Raise the child on the basis of love.

If so, what do you think the mother or father of the child would do in such a situation? If I shout...


If so, what do you think the mother or father of the child would do in such a situation? If I shout at the child, I will shout, If you are angry, Some of them may even become physically beaten. Usually, if the adult is correct, it is considered that they have the right to beat the child. As for the teacher, "If the child is not clever, just put it down."
So, the things that I don't want the child to do, Can spanking a child for behavior prevent it?
As parents of children, they get angry and hit their children when it is inappropriate, but often feel sad after hitting them. In addition to that, spanking a child causes fear in the child's mind, and psychologically tells the child, "The parent does not love the child." If you do something wrong, your parents will beat you. If you're an adult, you can beat the child." This can lead to trauma. In addition to that, the child's brain development will also be adversely affected by yelling at the child. And children may learn to lie because they are afraid of being spanked.
Try to be as patient as possible.
If that's the case, when you don't want to hurt your child, you have to be extra careful and try to control yourself. For that, you need to understand the child's attitude and behavior. There, when I became a parent myself, I was beaten in my childhood, Being yelled at hurts you, right? If that's the case, what about the police....the method of beating I thought that even if you raise it with love and not by yelling, the child will not listen to you.
The main thing is to know and feel from the heart of the child that you love the child very much. Then you love the child, When the child loves you, the child will also feel that he will not hurt the person he loves.
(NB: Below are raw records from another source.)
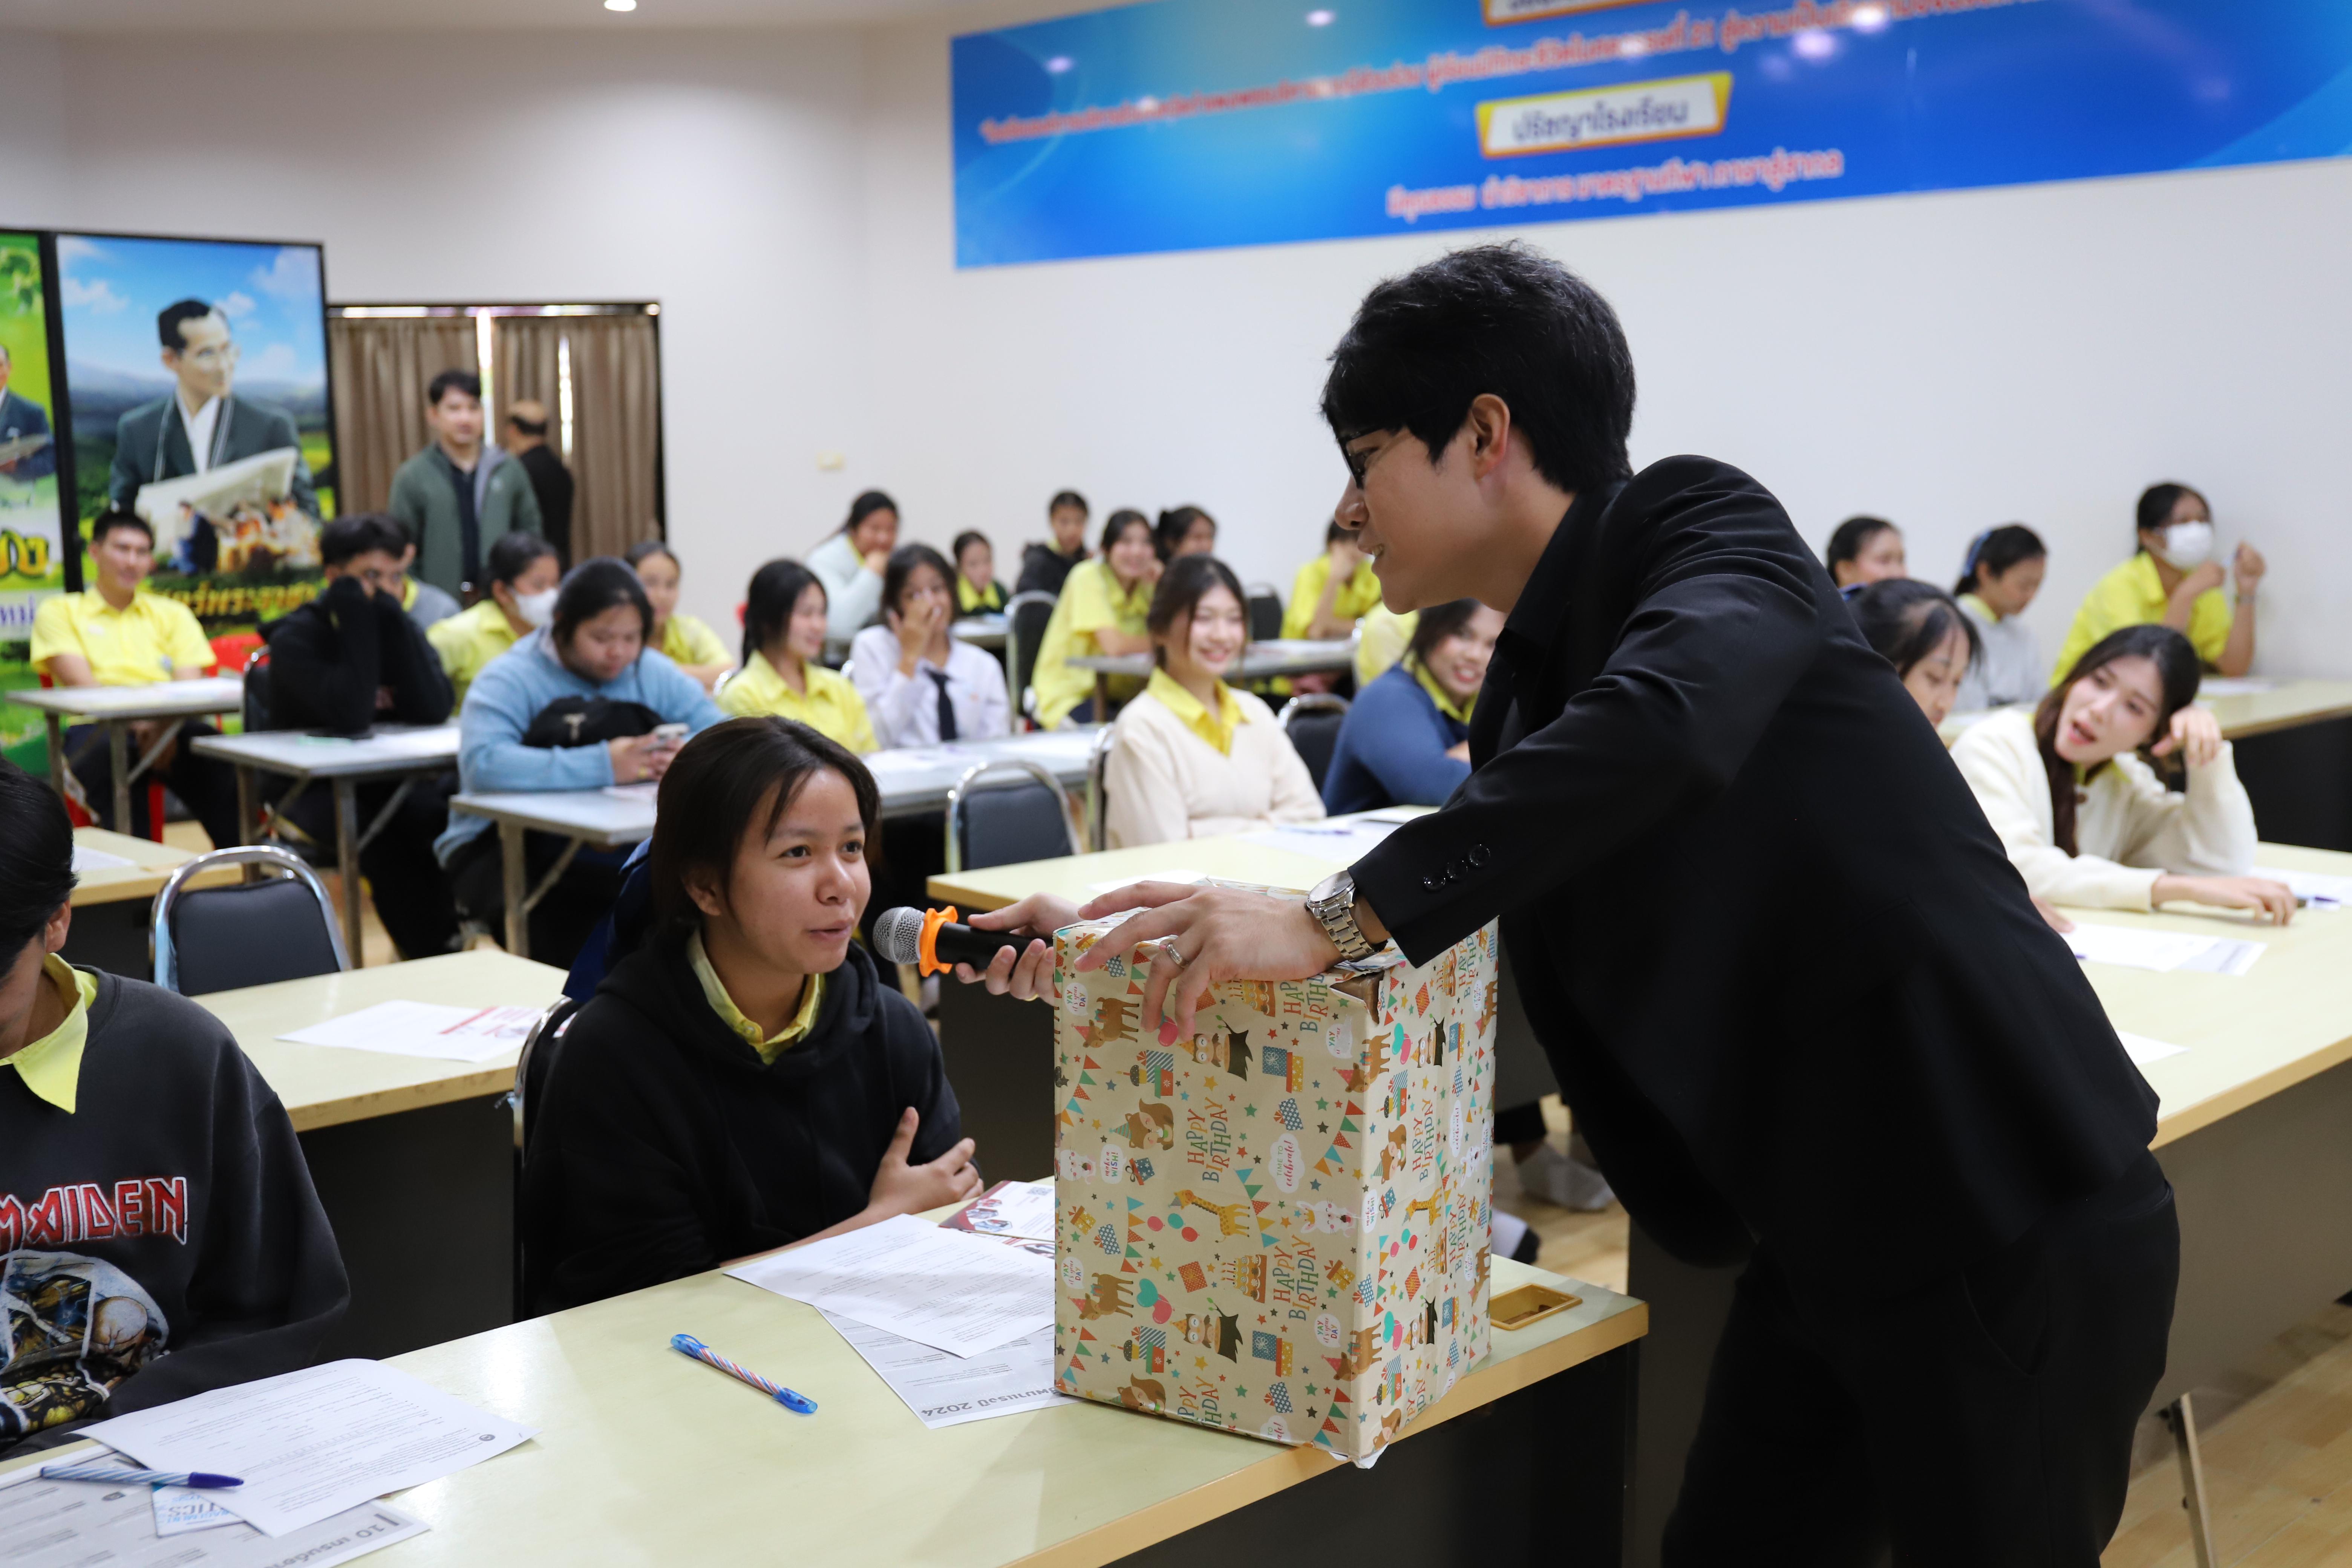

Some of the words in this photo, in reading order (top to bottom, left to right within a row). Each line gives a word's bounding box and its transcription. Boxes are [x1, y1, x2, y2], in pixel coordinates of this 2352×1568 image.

[1458, 941, 1467, 988] HAPP
[1464, 935, 1476, 999] BIRTHD
[1280, 980, 1305, 1015] HAP
[1300, 974, 1329, 1033] BIRTHD
[1110, 1152, 1119, 1177] WISH!
[1186, 1109, 1208, 1165] HAPPY
[1202, 1097, 1231, 1183] BIRTHDAY
[1278, 1145, 1283, 1155] TO
[1283, 1140, 1294, 1186] celebrate!
[1412, 1117, 1423, 1172] HAPPY
[1419, 1098, 1434, 1182] BIRTHDAY
[1449, 1211, 1457, 1263] HAPPY
[1455, 1193, 1466, 1273] BIRTHDAY
[1272, 1245, 1295, 1303] HAPPY
[1288, 1234, 1318, 1321] BIRTHDAY
[920, 1402, 972, 1416] 2024
[355, 1524, 385, 1539] 10
In order for that mind to develop in the child, you just need to be able to give the child full love.
Show your deep love with your actions.
If you think about the child from the child's point of view, you will know how to raise the child based on love. In the child's mind, whether the parents love the child very much has nothing to do with physical fulfillment. You should do it without making the child cry. What you shouldn't do is to do everything according to the child's will.
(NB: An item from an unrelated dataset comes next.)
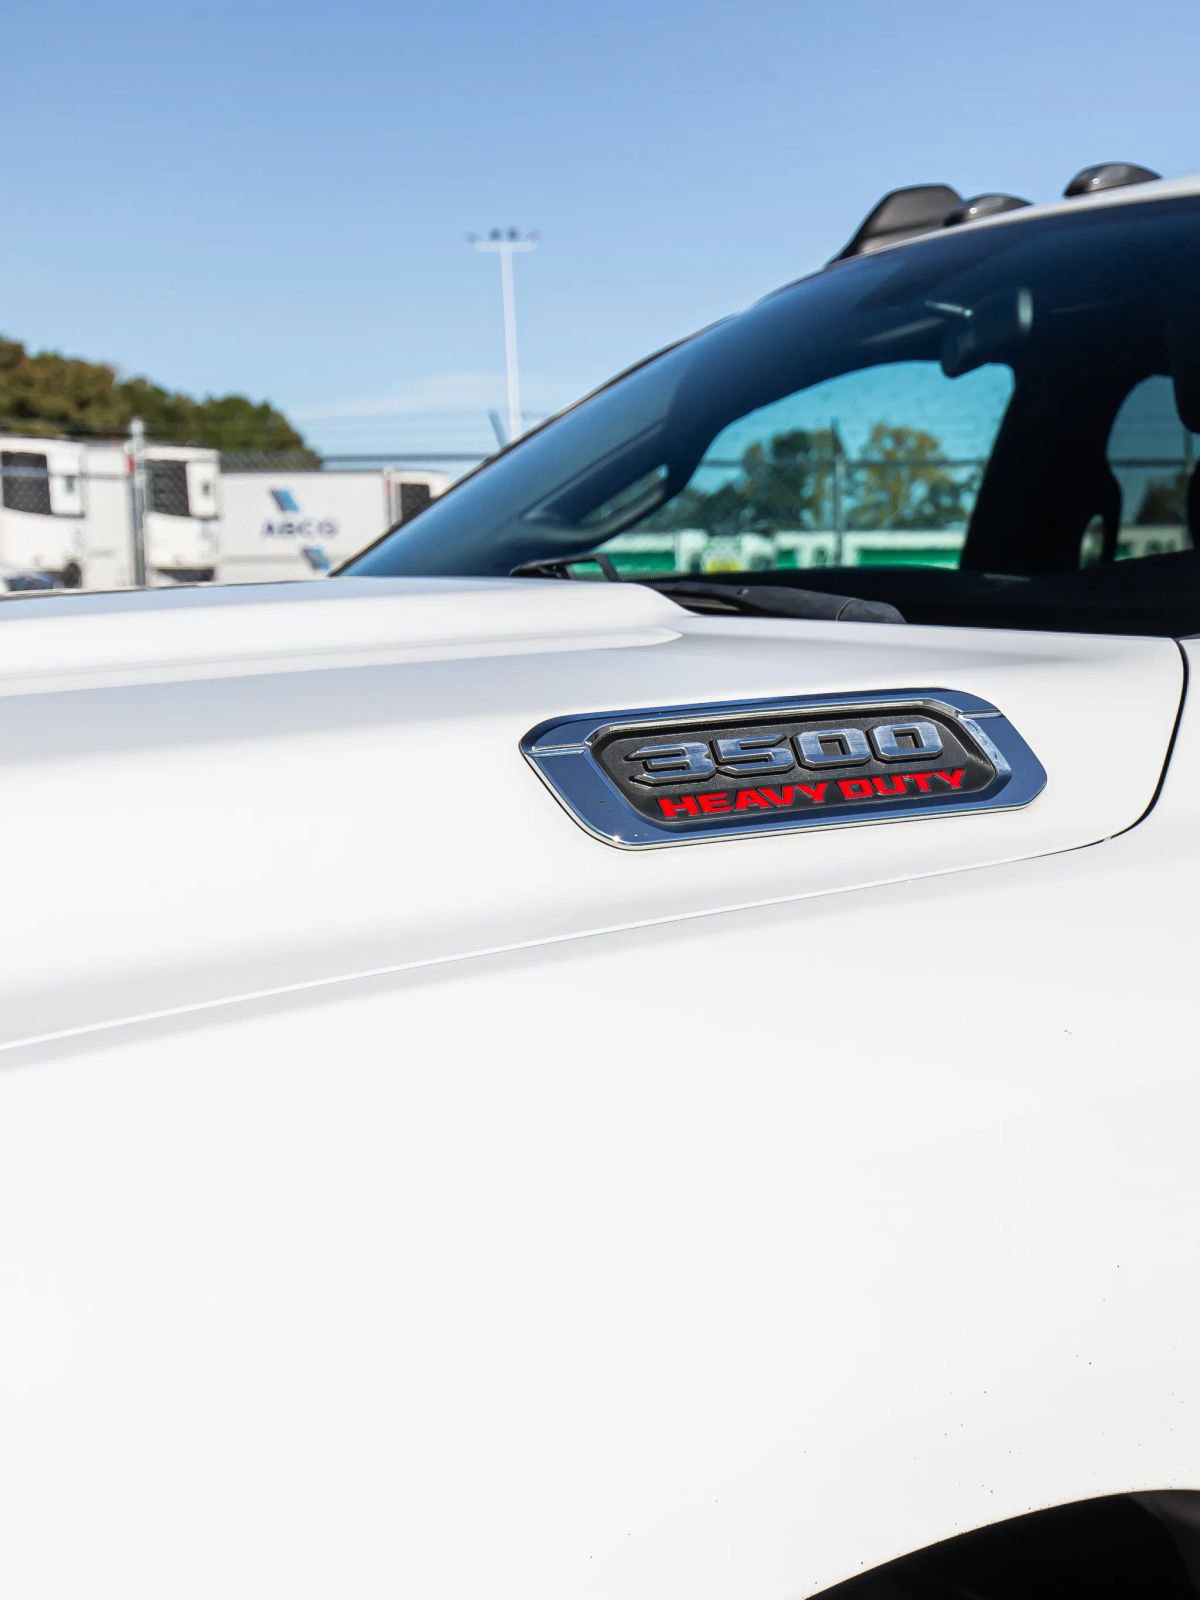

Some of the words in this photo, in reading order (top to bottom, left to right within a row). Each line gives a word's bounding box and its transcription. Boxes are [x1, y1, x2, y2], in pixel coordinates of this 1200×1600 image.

I will show the child with a loving gesture, I will tell you that I love you every day, If the child does something wrong, instead of yelling at the child in anger, try to be patient with yourself first (taking a deep breath, drinking a glass of water, reciting the numbers, etc.) Giving time to the child Talking to children playing with children, read to the child, telling a story to a child, Listening like a child to what the child wants to say.
Keep in mind that children are inquisitive. The mistake they made is because they did it because they didn't know it was a mistake, so they will know if you tell them that it is a mistake. Enter and feel more from the child's place. Then the child will understand.
Imagine your childhood in the place of a child who is afraid of being spanked. If you were in the place of the child who was bitten.... please think about it. Instead of being spanked 7, hug the child who is afraid of being spanked 7. Give a hug to a child who is afraid of making a mistake. Then make sure the child understands the reason why you shouldn't do it. Ask if you don't understand. If you understand, tell me you shouldn't do it again. If I make the same mistake again with my son, I will be angry, I can become angry, At that time, let the parents know that there are things that can happen. When he was beaten, his skin hurt and he felt sad. That's why you should explain what should not be done by choosing words that will be understood according to the child's age.
Give effective punishment when the child makes mistakes.
If the son and the child made the same mistake for nothing, ask him if he remembers the command that he should not do it. As I said, I have to pay the punishment. Explain that you are not punishing your child for disliking him, and make it memorable, such as punishing him with something he really likes. , When punishing, the child's skin does not hurt. It is also beneficial for the child without trauma. Parents need to learn to choose the way the child will be raised in the future. For example. The child will not eat the chocolate that he likes so much for exactly one week. such as closing the access to play games once a week; I will not buy the toy that I have to buy for the child. If the child's attitude is 7 things that will be memorized for him, when he remembers it and does it in a really disciplined way, he will think about it himself the next time. Parents themselves should not be punished and disobeyed. If that is the case, the child will not respect the punishment. If you get into the mindset of "what I do is punishable but I don't really do it," you will continue to make the same mistakes. You won't be in control either. That's why I believe what I have already said. If you make a promise, keep it. If you say you will punish, really punish. Praise the child if he listens. 7 If you say you'll give a gift, it doesn't matter if it's not worth it. Really give it. Then we will understand and follow the reward and punishment system. You don't have to hold a single stick and it will be under your control.
One thing is that you should do the behaviors mentioned above to show your love to your child every day. As for punishment, the parent needs to explain to the child that it is punishment so that they know that they should not do what they shouldn't have done because of their mistake. If that is the case, the child will understand from the heart that the parent truly loves the child.